Heralded as the authority of British journalism, the BBC will want to avoid any connection with gender inequality, having already been called out on the pressing issue earlier this year. Reports surfaced that men working at the company earned on average 9.3% more than women who completed the exact same job.
The broadcaster has little to do with the outcome of the award, as an expert panel narrows down a list of worthy sportspeople which is then put to a public vote. However, this year’s list of contenders and their odds highlight gender equality which could be argued to still be prevalent throughout sport. A list is simply compiled and then handed to the public who vote who they see fit.

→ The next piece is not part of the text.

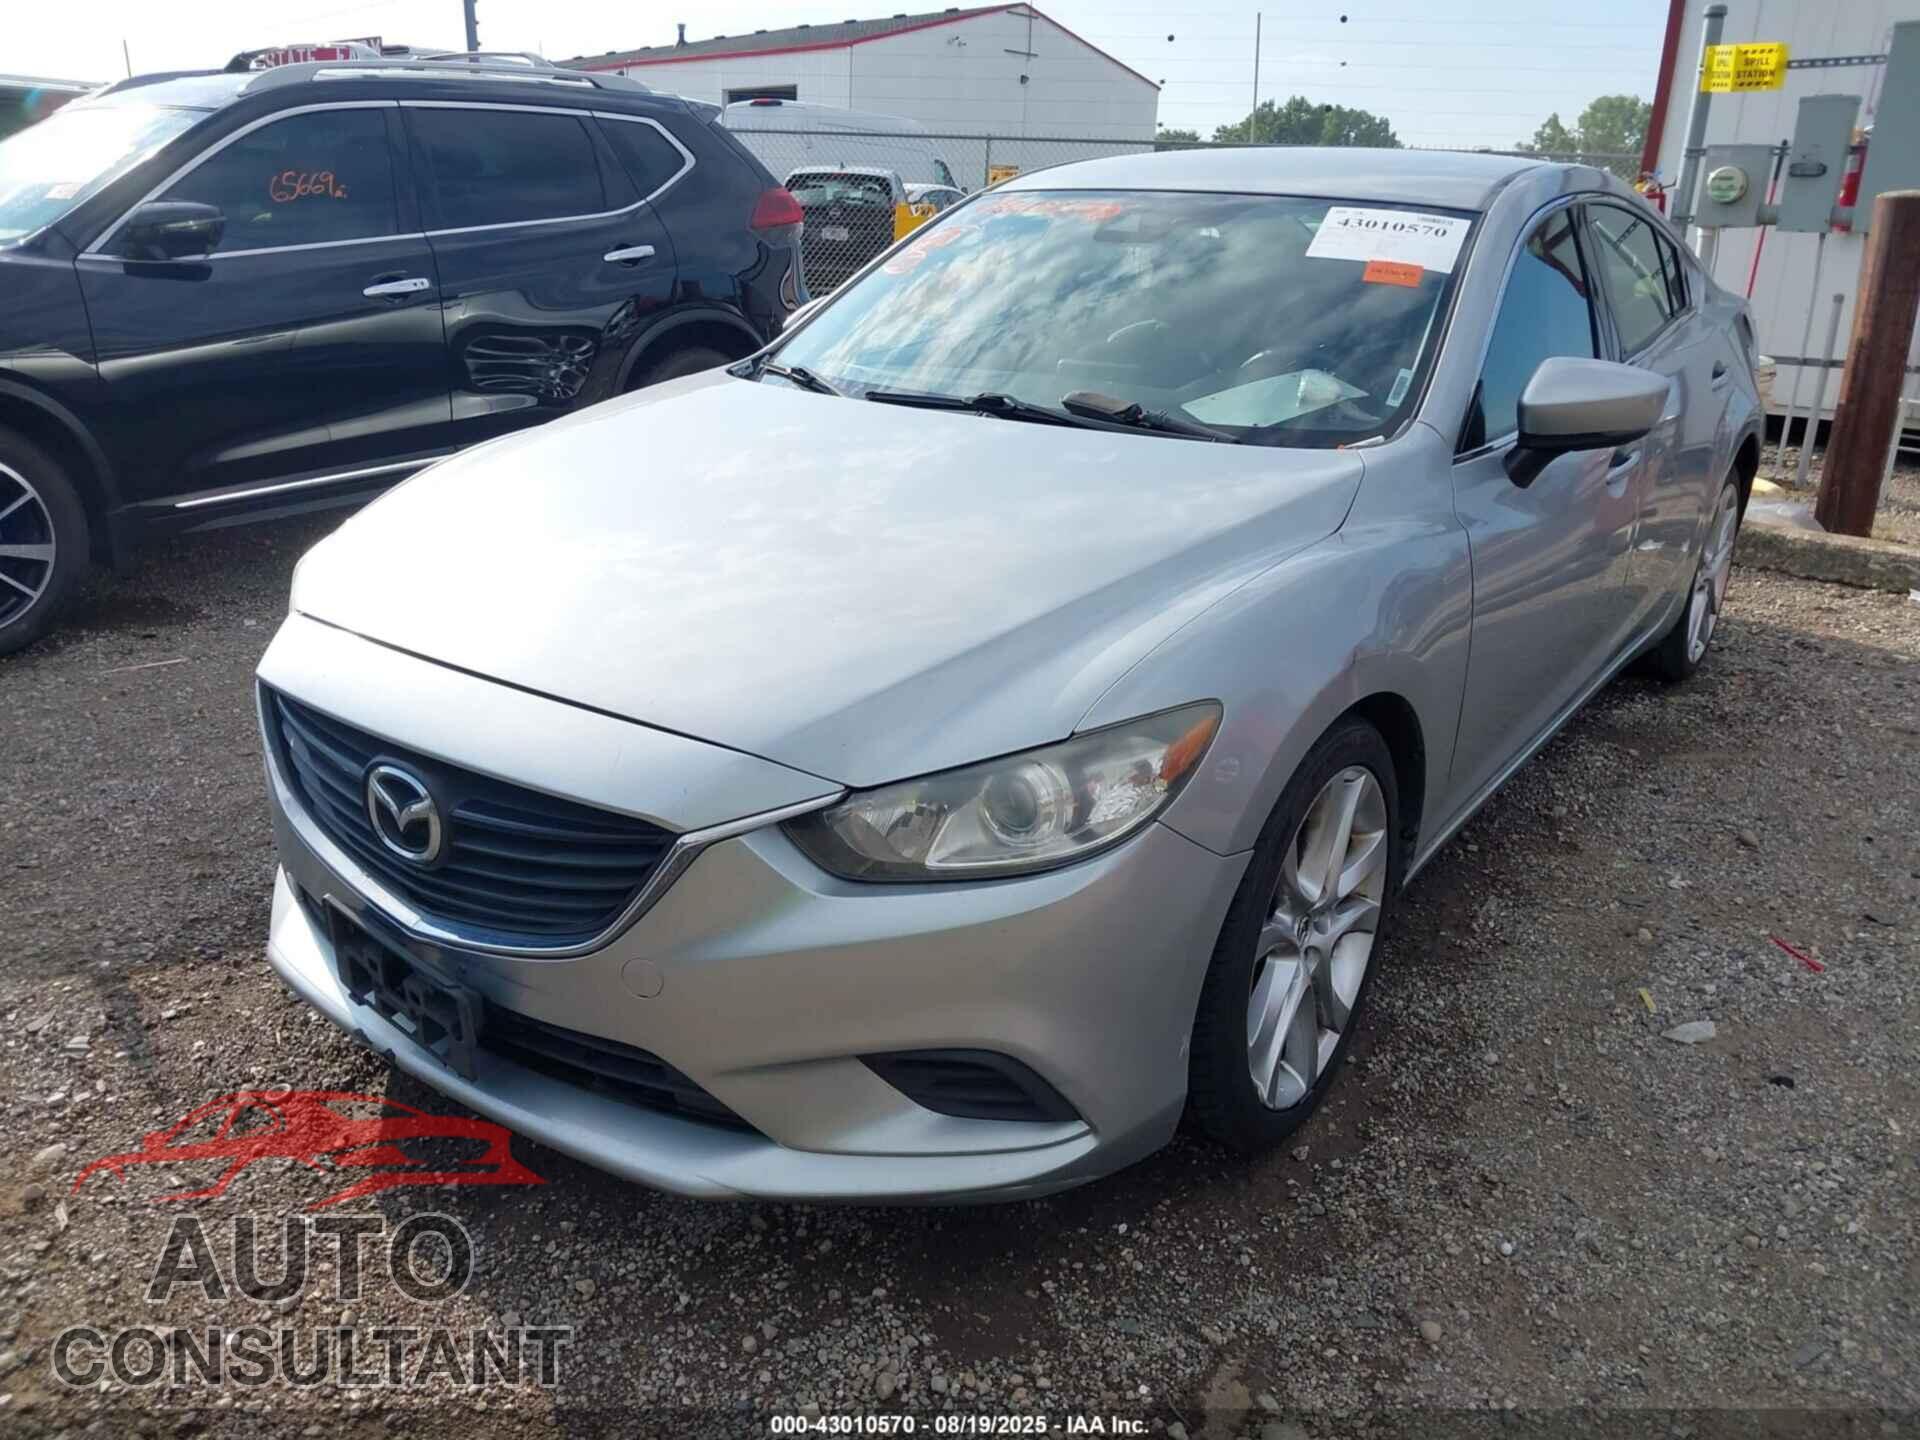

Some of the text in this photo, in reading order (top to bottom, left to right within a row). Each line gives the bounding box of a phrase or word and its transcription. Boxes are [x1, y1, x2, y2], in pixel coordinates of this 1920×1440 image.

[1743, 57, 1771, 66] SPILL
[1735, 70, 1776, 79] STATION
[270, 171, 334, 202] 65669
[1337, 216, 1448, 238] 43010570

2017 has been an outstanding year for the majority of national women’s teams. The cricket team won the World Cup, beating India in the final by nine runs. The football team made it to the semi-finals of the European Championship and striker Jodie Taylor took home the golden boot. England’s rugby team were narrowly beaten in the World Cup final, going down by nine points to New Zealand. Emily Scarratt was just one of the stand out players in the competition, scoring a staggering 56 points for England.
It’s not just England’s national teams which stood out in 2017. Flat jockey Josephine Gordon became the second ever woman to ride 100 winners in a year including a maiden Group-race success.

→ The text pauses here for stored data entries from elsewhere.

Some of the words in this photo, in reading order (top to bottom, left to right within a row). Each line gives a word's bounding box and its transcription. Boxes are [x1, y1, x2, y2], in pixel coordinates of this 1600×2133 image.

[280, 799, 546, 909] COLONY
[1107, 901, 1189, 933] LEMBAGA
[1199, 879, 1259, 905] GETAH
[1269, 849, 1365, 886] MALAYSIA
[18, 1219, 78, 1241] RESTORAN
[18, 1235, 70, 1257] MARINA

Bianka Walkden won a Taekwondo gold medal at the World Championships in South Korea, becoming the only Briton to defend a World taekwondo title.

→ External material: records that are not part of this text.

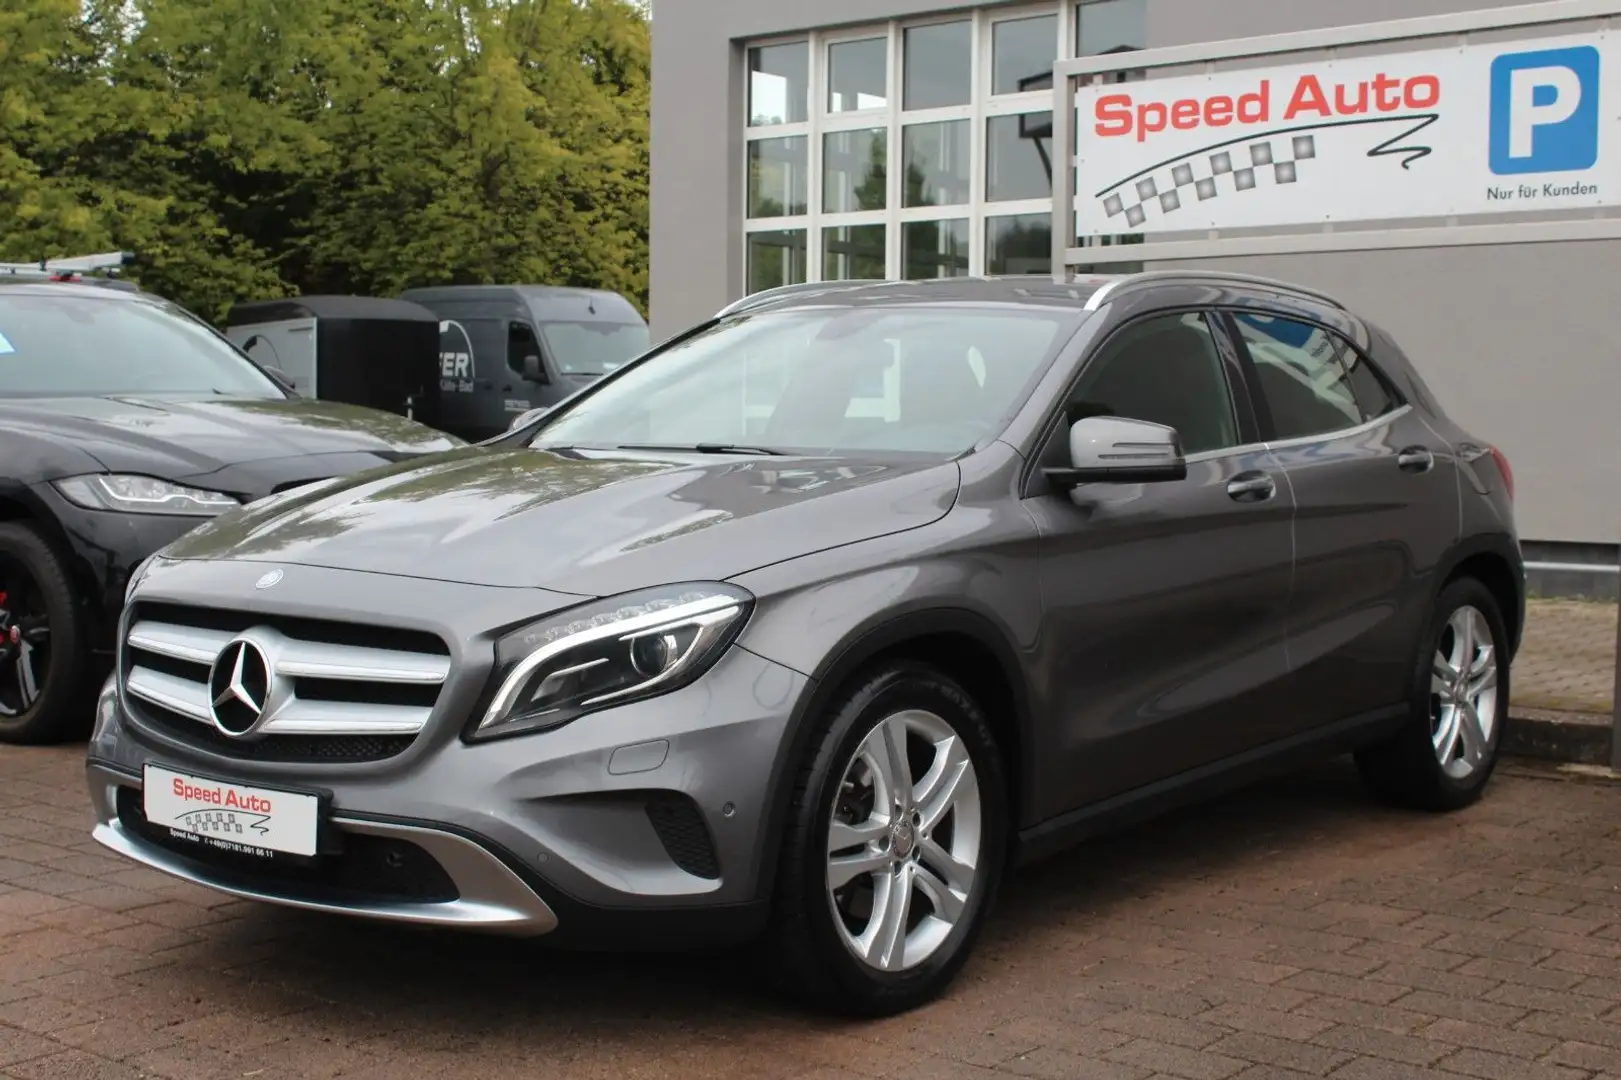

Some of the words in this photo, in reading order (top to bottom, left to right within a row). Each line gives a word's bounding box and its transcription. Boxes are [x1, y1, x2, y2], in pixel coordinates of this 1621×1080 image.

[1094, 79, 1270, 142] Speed
[1283, 74, 1440, 120] Auto
[1508, 65, 1582, 159] P
[1487, 187, 1513, 201] Nur
[1518, 184, 1538, 198] für
[1543, 181, 1597, 197] Kunden
[173, 778, 221, 804] Speed
[225, 789, 271, 813] Auto
[169, 827, 186, 839] Speed
[187, 832, 200, 842] Auto

Elise Christie had a year to remember with the Scot scooping the 1000m, 1500m titles at the World Short Track Speed Staking Championships, to cap it off she also took bronze in the 3000m.
Another woman who was not a stranger to the main news item this year was Johanna Konta, who became the first British woman to reach the Wimbledon singles semi-finals since 1978, before eventually losing to Venus Williams. Outside of the majors she claimed the Miami Open in April.
Even with so many woman having such a strong claim for BBC’s Sports Personality of the Year, the favourites to win the award are all men. You have to scroll to near the bottom of Oddschecker’s grid, to find the first female in the market in the shape of Anya Shrubhole. Her odds of 150/1 imply a 0.7% chance she will be voted the winner. Shrubsole took six wickets for just forty-six run in the World Cup final to secure a tense win over India, and captured the heart of the nation when she consoled the distraught South African captain after their semi-final defeat at the hands of Shrubhole’s England.
If the men’s team were to win a cricket World Cup, and Stuart Broad took six wickets in the final, the chances are he’d be somewhat shorter than 150/1 to take home the prestigious honour.
The next female on the list is Bianka Walden at a dizzying 300/1, implying that she has a 0.3% chance of winning. At the bottom of the grids you’ll find both Ellie Christie and Johanna Konta at 500/1 (0.2% chance of winning).
The favourite in the market is Anthony Joshua, the British heavyweight champion has fought just twice this year, defeating Wladimir Klitschko in a scrap he was roundly expected to win (he was 2/5 favourite on the night implying a 71.4% chance). Joshua then defeated Carlos Takam in October after the man from Cameroon took the fight with less than two weeks’ notice and for which AJ was 1/100 (99% chance).
Formula One driver Lewis Hamilton is 8/1 to win the award and enjoyed another successful year, clinching his fourth world title. Although his path to victory could be quashed due to the over reliance of how well the driver’s car performs, it could be argued that his all-conquering Mercedes is the biggest protagonist in his win. Indeed, Hamilton was 5/4 (44.4%) to win the Drivers’ Championship back in February, so his win hardly came as a huge shock.
The inclusion of Harry Kane in the market comes as a surprise, the English striker is 50/1 to win the SPOTY 2017. There’s no doubting the Spurs man has had a cracking year, winning the Golden Boot again, captaining England and being nominated for the Ballon d’Or. His achievements means he warrants being in the market, however if Kane is on the shortlist, Jodie Taylor has to be in contention. If any male footballer won the Golden Boot at a major competition, they’d be among the favourites to win the award, yet Taylor didn’t even make the shortlist.
With that in mind, that doesn’t even take into account the lack of female rugby players on the list. If a male player was the third highest try scorer in a World Cup, they would be almost guaranteed to make the shortlist.
Obviously the popularity and difference in viewing figures will have a seismic impact on the public vote, however, there’s an argument that the expert panel would have included a few of the women mentioned if indeed they were men.